Of the first wave of cases in South Korea in February, several thousand were members of the secretive Shincheonji Church of Jesus. Hundreds of other cases were linked to a Muslim missionary movement event in late February in Malaysia that was attended by about 16,000 people from numerous East Asian countries.

In the second week of March, before warnings and lockdown orders proliferated in the U.S., 35 of the 92 people who attended events at a rural Arkansas church developed COVID-19, and three of them died, according to a Centers for Disease Control and Prevention report issued in May.

More recently, in mid-June, a small-town church in northeastern Oregon became the epicenter of the state’s largest coronavirus outbreak when 236 people linked to the Lighthouse Pentecostal Church tested positive.

According to the Observer newspaper in nearby La Grande, the church in Island City had held religious services, a wedding and a graduation ceremony in the weeks preceding the outbreak, sometimes with more than 100 people in attendance in defiance of state restrictions on gatherings.

Union County, with a population of 25,000 people, had recorded fewer than 25 cases during the pandemic prior to the church outbreak. Within two weeks, it had Oregon’s highest per capita rate of coronavirus infections.

Also in June, West Virginia’s health department announced outbreaks linked to five churches in different parts of the state. The biggest was at Graystone Baptist Church in Lewisburg with 51 cases, three of them fatal.

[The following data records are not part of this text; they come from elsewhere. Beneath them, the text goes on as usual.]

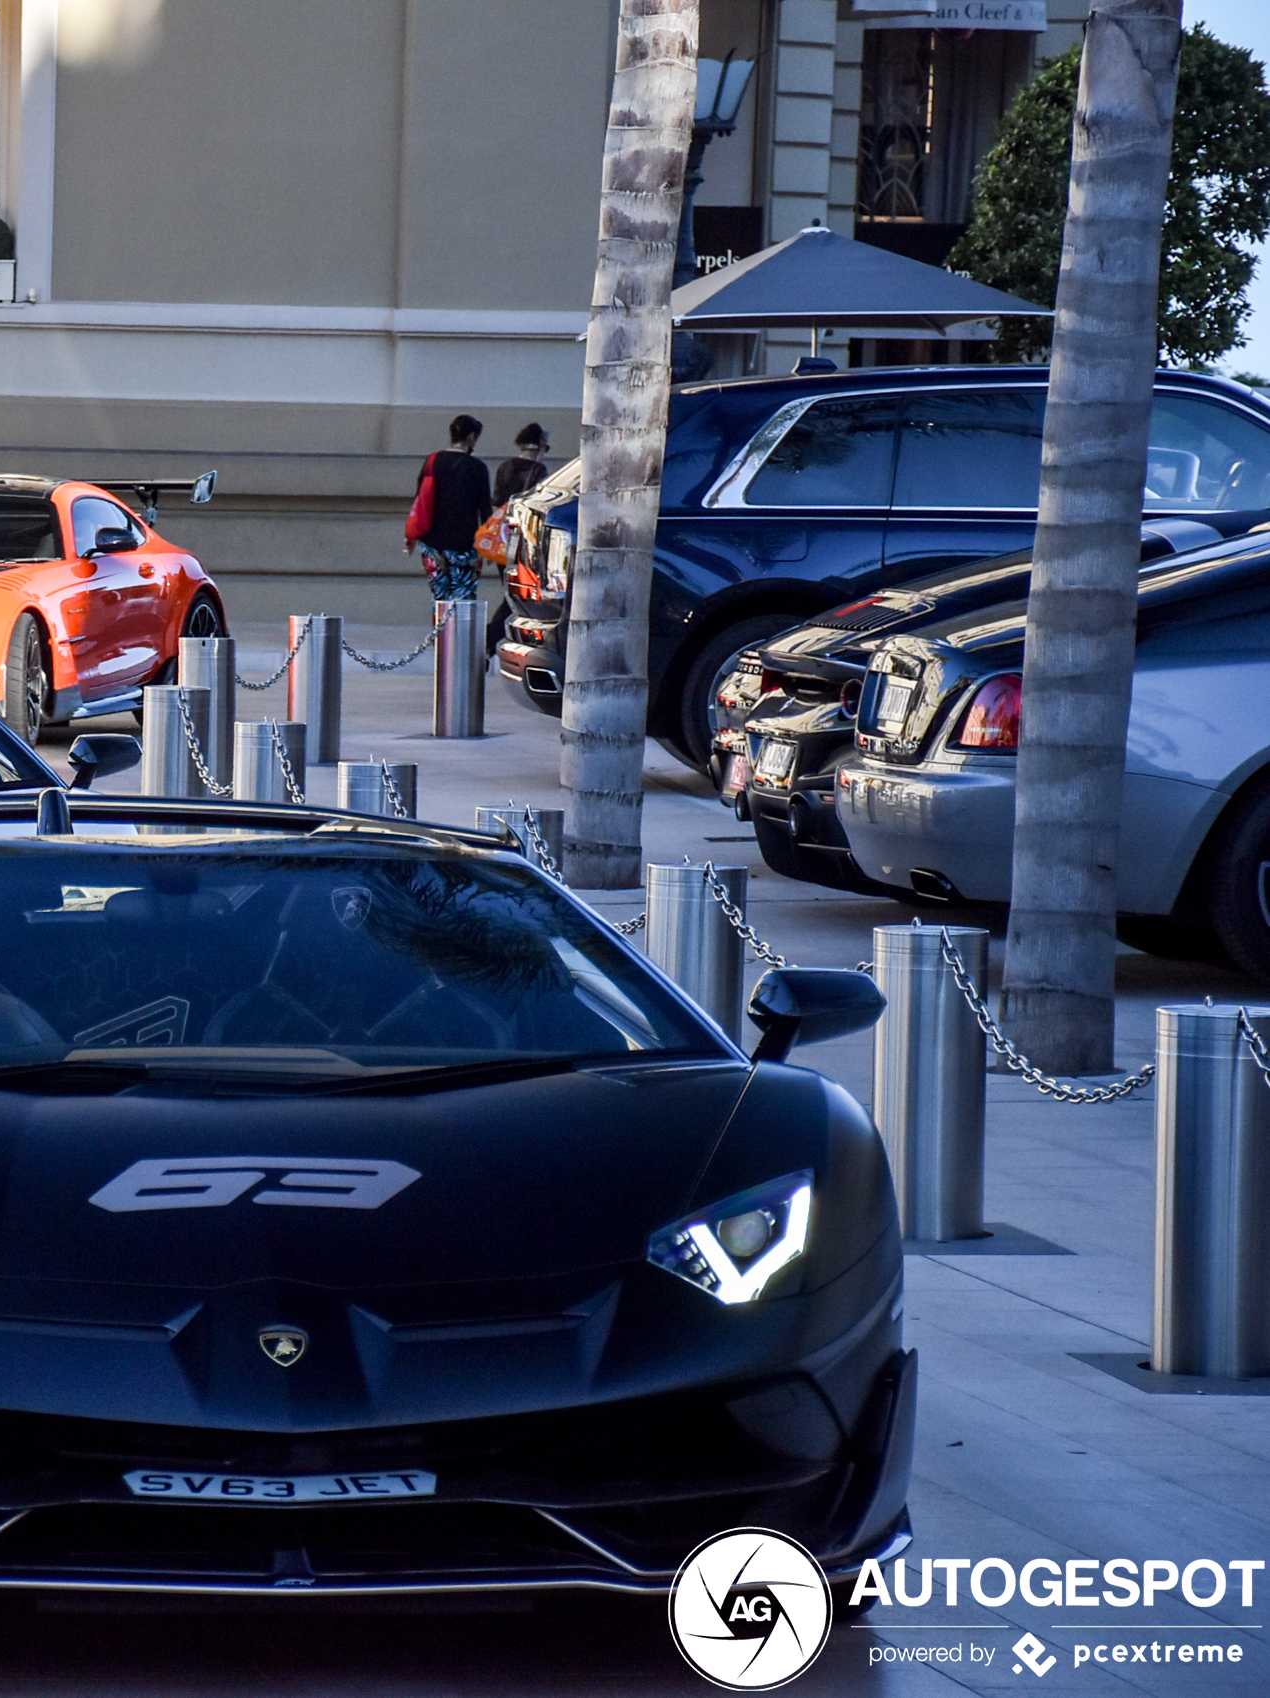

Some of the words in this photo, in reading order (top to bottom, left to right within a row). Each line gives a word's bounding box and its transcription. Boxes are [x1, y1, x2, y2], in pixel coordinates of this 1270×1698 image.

[928, 7, 959, 19] an
[964, 3, 1012, 20] Cleef
[696, 249, 741, 274] rpels
[89, 1156, 422, 1212] 63
[139, 1474, 296, 1498] SV63
[319, 1474, 419, 1496] JET

In several cases, churches that resumed in-person services opted to close again after outbreaks. Among them:

— A church and an administrative office affiliated with the Church of God in Cleveland, Tennessee, which is the home base for the Pentecostal denomination. No official case count has been released, but a senior leader of the denomination, General Overseer Tim Hill, confirmed that the number of verified cases is growing and that several church leaders were among those seriously ill. One pastor, Ernie Varner of Lenoir City, Tennessee, died Friday, six days after posting on Facebook, “I’m in the ICU with COVID. Please pray for me.”

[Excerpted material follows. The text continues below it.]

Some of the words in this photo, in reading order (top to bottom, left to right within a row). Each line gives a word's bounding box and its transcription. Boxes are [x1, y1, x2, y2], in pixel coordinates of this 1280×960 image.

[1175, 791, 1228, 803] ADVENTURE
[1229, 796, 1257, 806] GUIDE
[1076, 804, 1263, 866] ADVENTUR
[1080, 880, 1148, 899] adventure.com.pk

— Calvary Chapel, an evangelical church in Universal City, Texas. It reopened in early May only to close anew in late June after dozens of staff and churchgoers tested positive, including Pastor Ron Arbaugh and his wife. Arbaugh says he regrets telling worshippers last month they could resume the tradition of hugging each other during an interlude of mid-service socializing.

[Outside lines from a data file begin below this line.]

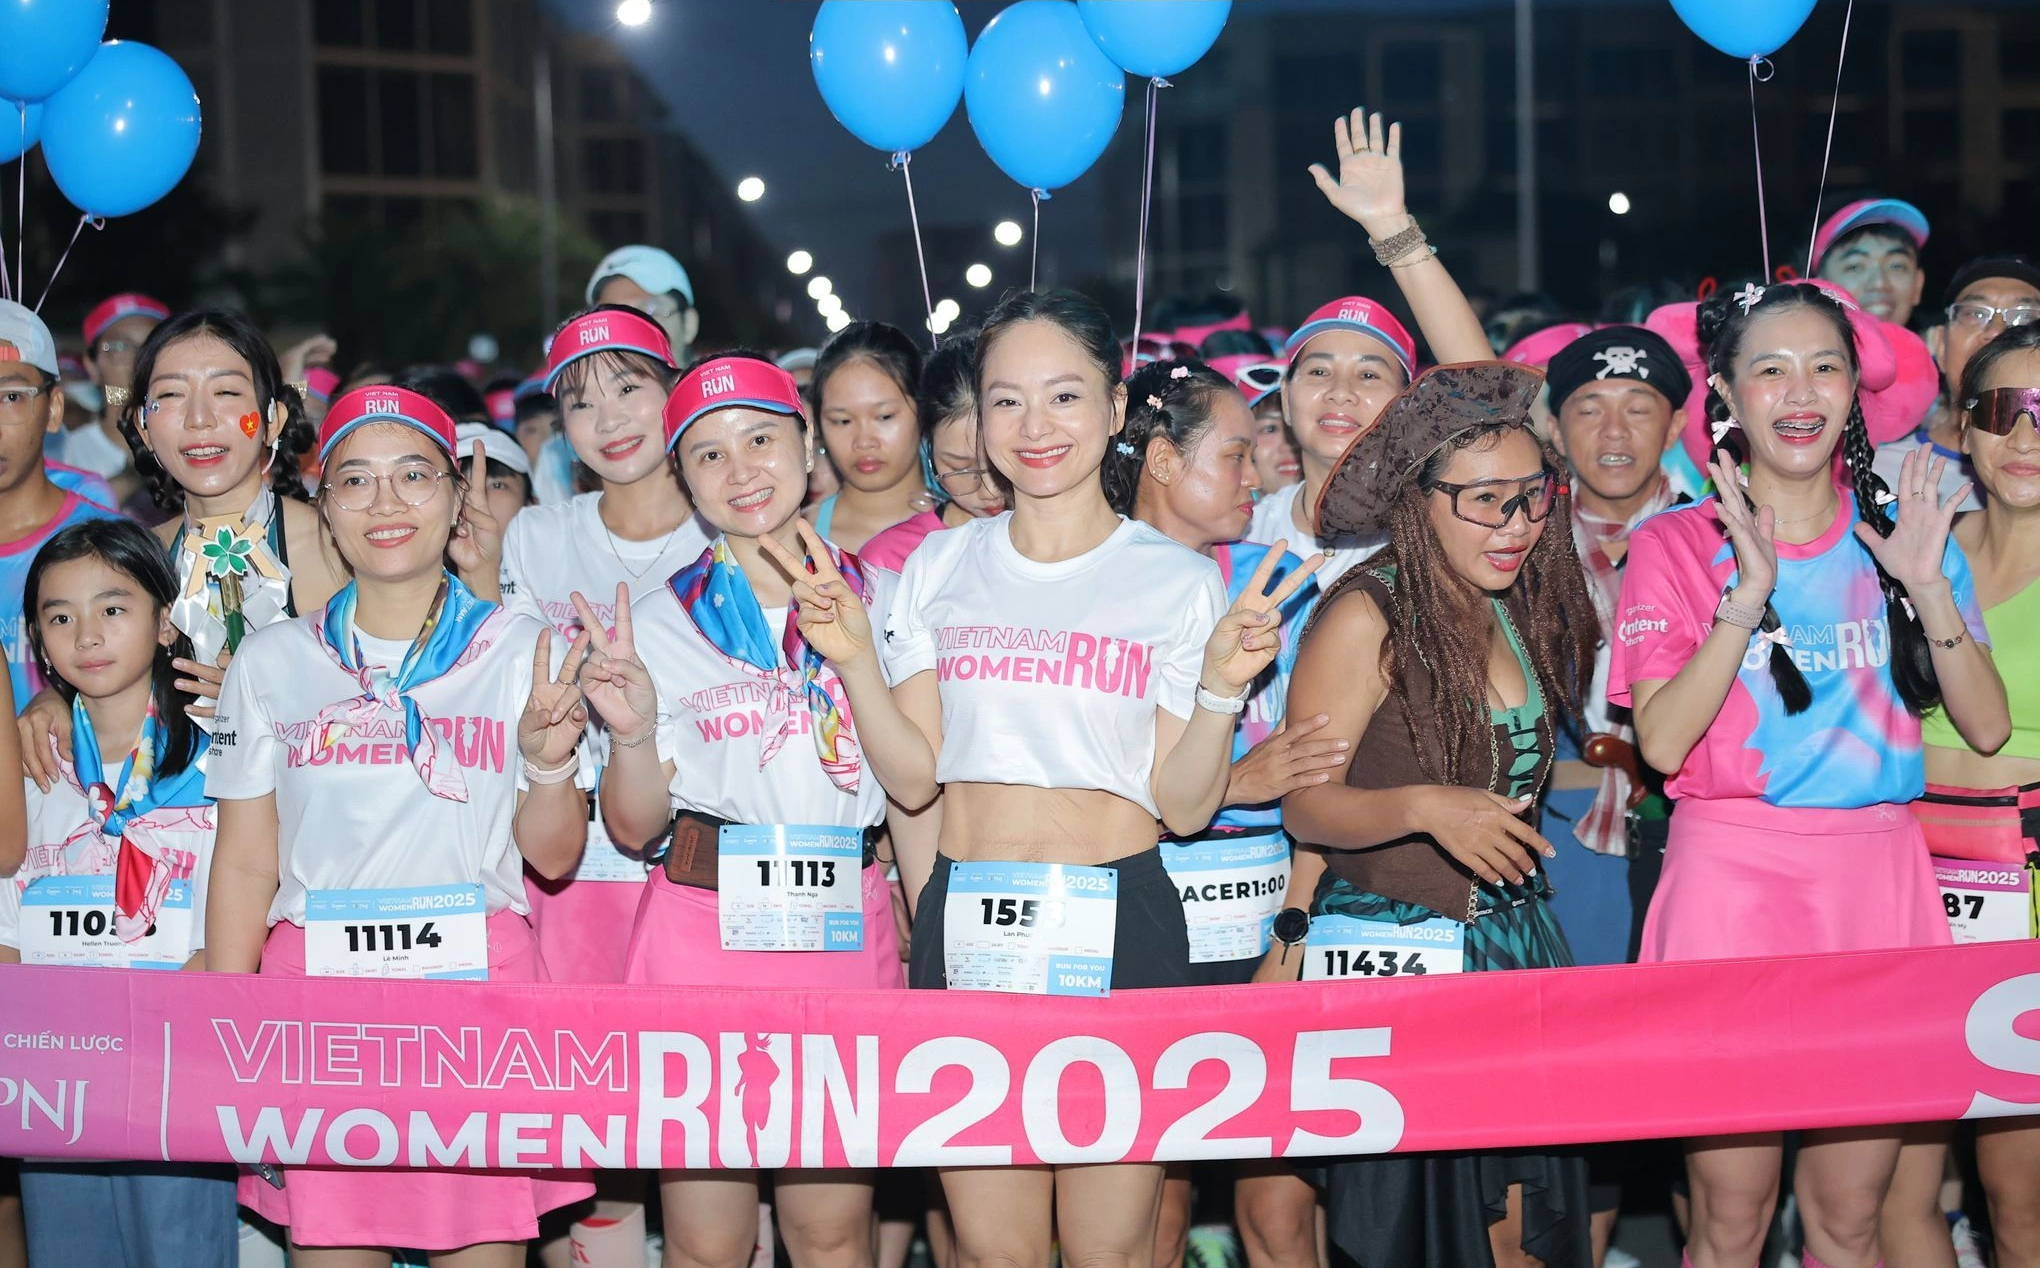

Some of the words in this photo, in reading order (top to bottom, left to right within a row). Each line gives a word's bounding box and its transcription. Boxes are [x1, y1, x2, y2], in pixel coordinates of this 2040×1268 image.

[1338, 308, 1369, 324] RUN
[579, 326, 610, 346] RUN
[715, 364, 732, 373] NAM
[701, 374, 735, 399] RUN
[365, 400, 400, 414] RUN
[935, 626, 1067, 653] VIETNAM
[1618, 618, 1668, 642] Cntent
[1836, 615, 1891, 669] RU
[936, 654, 1062, 685] WOMEN
[1063, 631, 1154, 699] RUN
[680, 682, 772, 713] VIETN
[835, 836, 857, 850] 2025
[1012, 878, 1045, 887] WOMEN
[1067, 875, 1109, 891] 2025
[1959, 869, 1978, 884] RUN
[1978, 870, 2020, 886] 2025
[91, 891, 115, 899] WOM
[1182, 874, 1285, 903] ACER1:00
[379, 903, 413, 912] WOMEN
[413, 896, 434, 910] RUN
[434, 892, 476, 909] 2025
[50, 910, 157, 937] 110
[344, 922, 442, 952] 11114
[831, 930, 858, 943] 10KM
[1361, 930, 1394, 939] WOMEN
[1394, 925, 1414, 940] RUN
[1414, 926, 1455, 943] 2025
[393, 954, 410, 962] Minh
[1073, 963, 1088, 971] FOR
[1325, 950, 1427, 976] 11434
[1058, 974, 1102, 989] 10KM
[3, 1030, 64, 1050] CHIẾN
[70, 1034, 124, 1055] LƯỢC
[211, 1018, 628, 1092] VIETNAM
[215, 1105, 628, 1168] WOMEN
[636, 1031, 880, 1169] RUN
[891, 1026, 1405, 1167] 2025

— Holy Family Catholic Church in Las Vegas. The diocese announced Thursday that the church would be closed indefinitely after a priest who celebrated Mass this week tested positive.

— First Baptist Church of Tillmans Corner in Mobile, Alabama. It resumed in-person services May 17 after the governor gave a statewide green light but recently canceled them at least through July 31 after more than 20 of the congregation’s 1,500 members tested positive. Pastor Derek Allen wrote a blog post describing the outbreak as a “harrowing and demoralizing journey,” and offering advice to other pastors: “Assume every sniffle is COVID-19, and act quickly. We’ve learned that the tests take too long, and false positives are possible along with false negatives.”

Another Baptist church, First Baptist Dallas, was in the spotlight June 28 when it hosted Vice President Mike Pence at its annual Freedom Sunday celebrations. Most of the 2,400 attendees wore face masks, but some criticism surfaced after the choir sang without masks.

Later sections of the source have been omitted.